The London prime property market could do with more millionaires. The Wealth Report calculated that the number of UK residents with assets of $10 million of more has gone up ever so slightly last year, from 55,152 in 2023 to 55,667 in 2024 — a 0.9 per cent rise. But the UK lags well behind regions such as North America, where the number of millionaires over the same period went up by 5.2 per cent, Asia (5 per cent) and even continental Europe (1.4 per cent). Recent figures claim that 11,000 millionaires left the UK last year, 157 per cent more than the previous year.
The reason for that, Bailey from Knight Frank says, is tax. And it’s not even entirely Labour’s fault, he argues.
“It actually wasn’t the last budget, it was Jeremy Hunt’s [the former Conservative chancellor]. As soon as Hunt talked about non-dom abolition and serious reform, that really slowed the market down.”
This is echoed by Paul Finch, a director and head of new homes at Beauchamp Estates, who says: “Over the past six months we have seen a dramatic shake-up in the prime central London property market which has been disrupted by a combination of stamp duty rises, the abolition of the non-dom regime and fears over capital gains tax rises and inheritance tax changes.”
Stamp duty for overseas buyers purchasing a second home in London can be up to 19 per cent. “It was 1 per cent back in 1979,” he says. “This has resulted in a significant outflow of wealthy people from the London market.

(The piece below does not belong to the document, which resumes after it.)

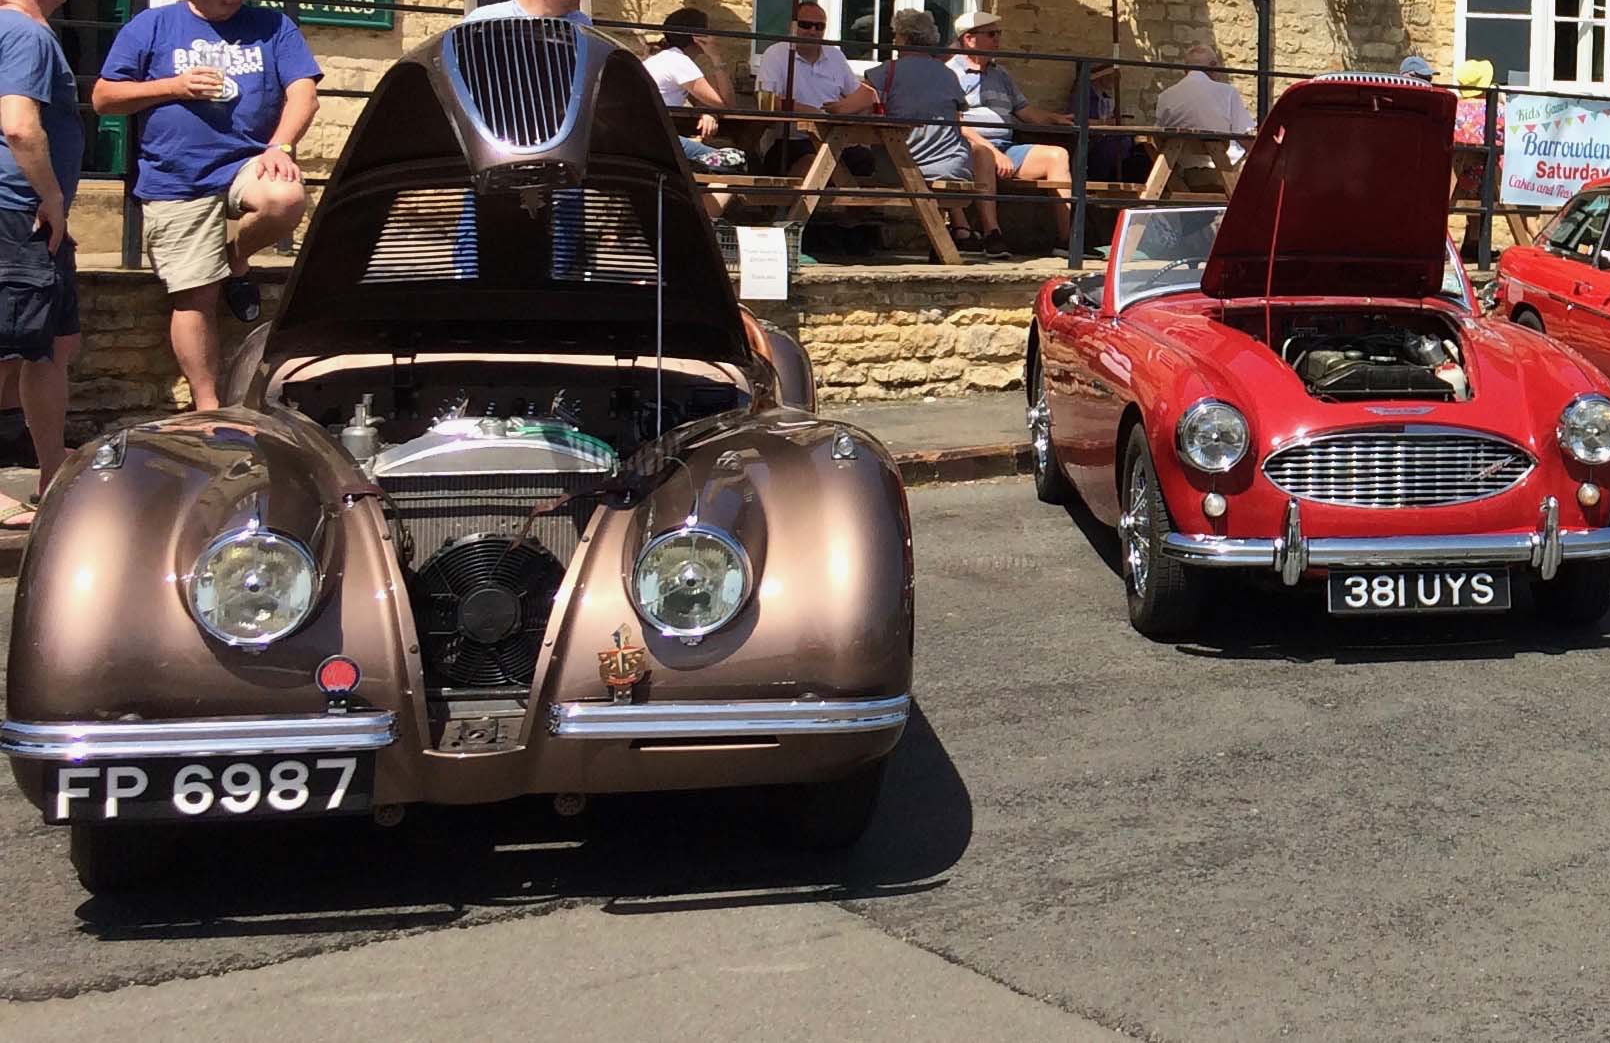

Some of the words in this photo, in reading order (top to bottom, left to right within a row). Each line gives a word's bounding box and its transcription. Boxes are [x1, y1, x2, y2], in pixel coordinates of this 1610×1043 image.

Mostly these are domestic UK residents and also overseas residents with UK passports who are selling up in London and relocating to Dubai, Switzerland, Monaco, Miami and the French Riviera.”
If the traditional markets of London, Monaco and New York have become more affordable, “emerging” cities like the ones mentioned by Finch have seen the opposite trend.
Where’s up and down in the world’s luxury housing market?
“For most of these markets there’s been a massive price uplift and therefore the amount of space you can get for your million dollars has shrunk quite considerably,” Bailey says.
The two main factors remain the same — house prices and taxes — but reversed. Dubai, in particular, has seen an eye-opening 147 per cent rise in property prices over the past five years.
Although it has slipped from last year’s second place to third, the emirate has seen a 16.9 per cent growth last year, a percentage point more than the previous year.
The other cities at the top of Knight Frank’s list are Seoul (18.4 per cent rise last year) and Manila (17.9 per cent), followed by Dubai, then Riyadh (16 per cent) and Tokyo (12.1 per cent).
Benign taxation, the Wealth Report shows, is also acting as “a pull factor” for some who have chosen to look elsewhere: again Dubai, but also Switzerland and Italy.
Daniel Daggers, the founder of the property advisory DDRE Global, who is based in London but also buys and sells homes for the super rich in Dubai, says records will continue to be broken there “but at a less ferocious pace”.
The next 12 months will be crucial, Daggers believes. “People are still enjoying it but there isn’t the same growth as before,” he says. “That’s what we’re telling our clients, that we need to look at the sustainability of these markets. There is a sense that the champagne is still flowing but the music is slowing.”